The first thing I noticed about Kimbra when we spoke a few weeks ago was how fast she talks; like a gatling gun. We chatted for 15 minutes, but she spoke as many words as a normal person might say in 30 in an interview.
Kimbra was in Los Angeles when we spoke, rehearsing for her tour, which kicks off in San Francisco, at the Independent, on Oct. 20. Half of her traveling crew and band had made the trek from Australia for the rehearsals.
Catch Kimbra at the Independent Monday.
There are more than a dozen guest contributors on “The Golden Echo.” Did you ever have to turn down musicians who wanted to help you write or play on the record?
Yeah, there was a time toward the end of the record where I had literally tracked all the drums, and there were still other drummers I wanted to work with, like Thomas Burchin. … It was like, ‘I really want to get you … and mix some tracks.’ I remember feeling like, ‘I’d love to do another record (with bonus tracks).’ There’s so many great moments that didn’t make this record, and I do want to put them out. There’s a lot of people I’d like to bring back into the studio for the next record.
With fear that you’ll answer with words I don’t understand, where do you do you find your own visual style and fashion sense?
It’s part of the self-expression. It’s very deeply tied to the music. When I step out on stage to play a show, I want the fashion and the clothes to reflect the mood of the performance, so I try to anchor to that; “What’s the intention, what’s the mood I want to get across?” And then I find … the fashion I want to come out of that place.
The album cover is a particular thing. I wanted to get across a sense of infinite imagination and a portal into another world – a little bit of an old storybook feel. I was channeling that mood.
Do you ever feel a disconnect between “Kimbra” and “that girl who sings on the Gotye song?” The two aren’t really similar.

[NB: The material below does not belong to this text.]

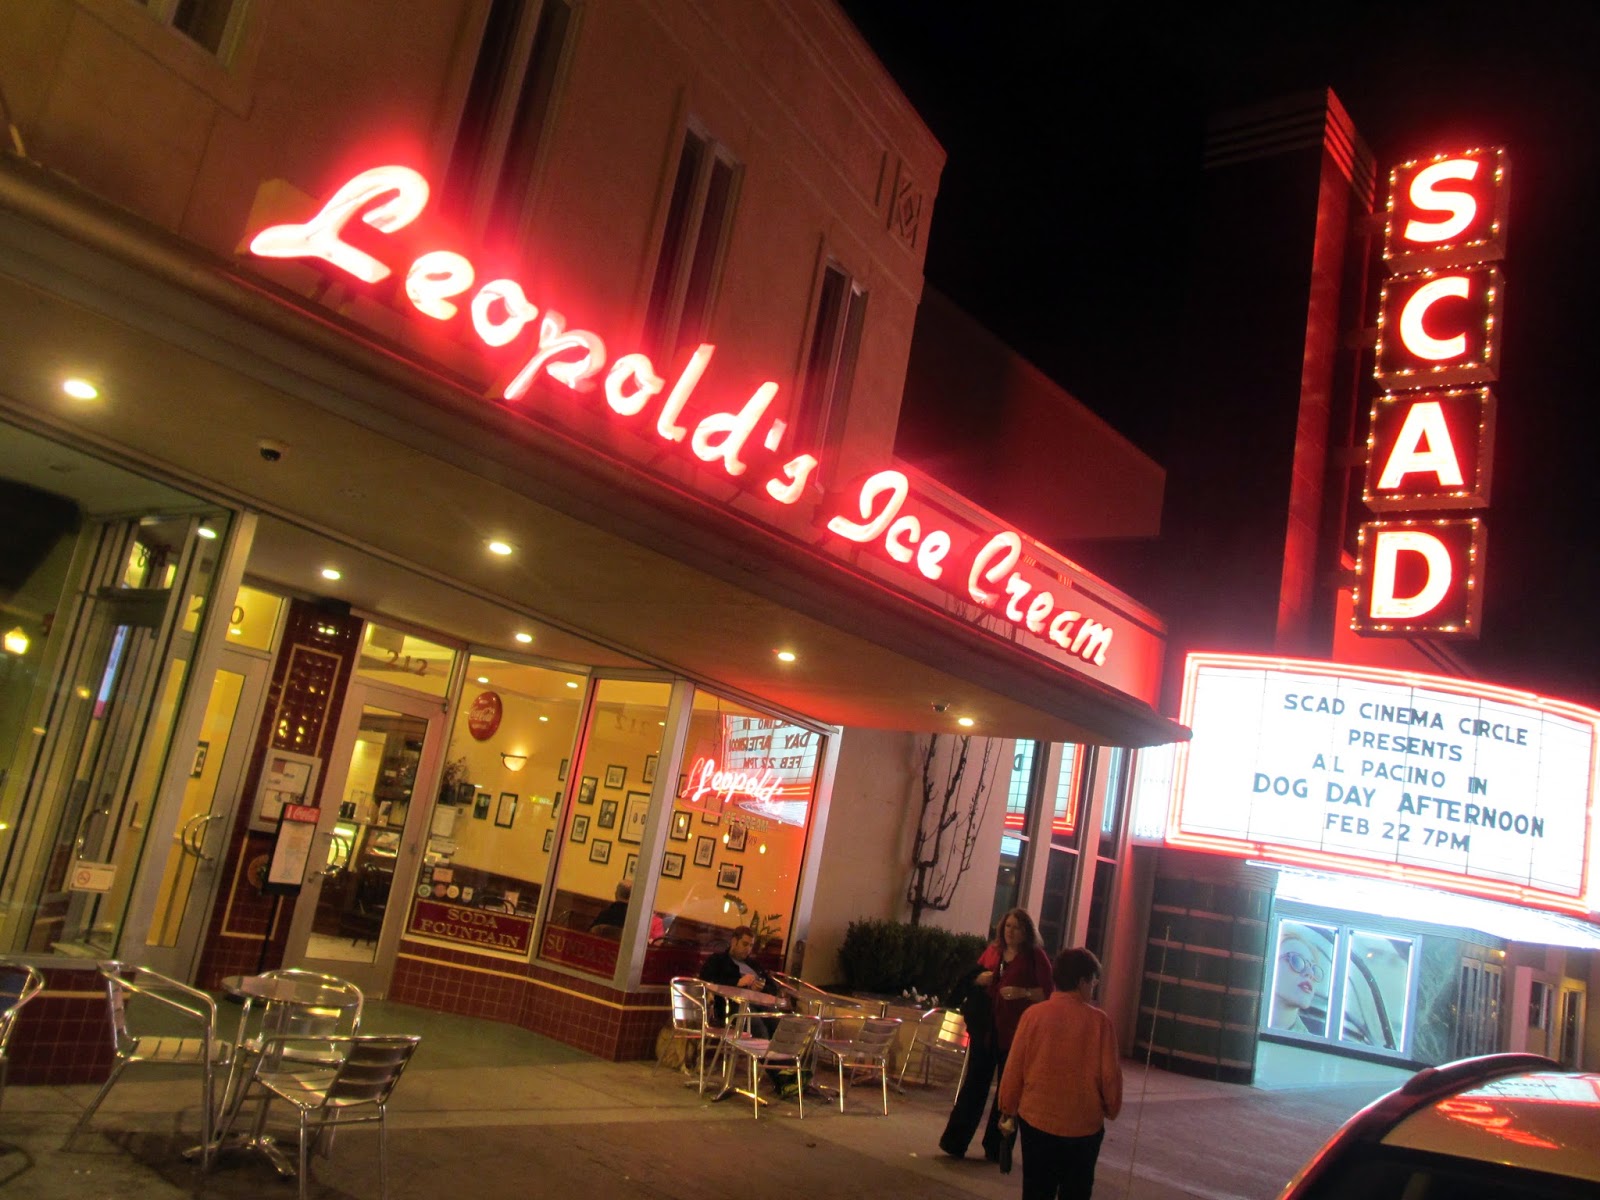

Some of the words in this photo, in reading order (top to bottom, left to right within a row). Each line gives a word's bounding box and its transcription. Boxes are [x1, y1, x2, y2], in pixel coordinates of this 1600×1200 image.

When I produce my own music, there’s a different palette of sounds that go with it, and I do a lot more vocal production and … layers. That’s not to say that I wouldn’t explore music more like “Somebody That I Used to Know” in the future… music that’s more intimate and stripped back. I think that (fans) still connect with this work, and, maybe the sound is different. Maybe the genres are different, or whatever. … I think a big part of fans connecting with the music is seeing it live. That really does change so much when you’re able to see the songs performed in front of you. They change a lot in that context.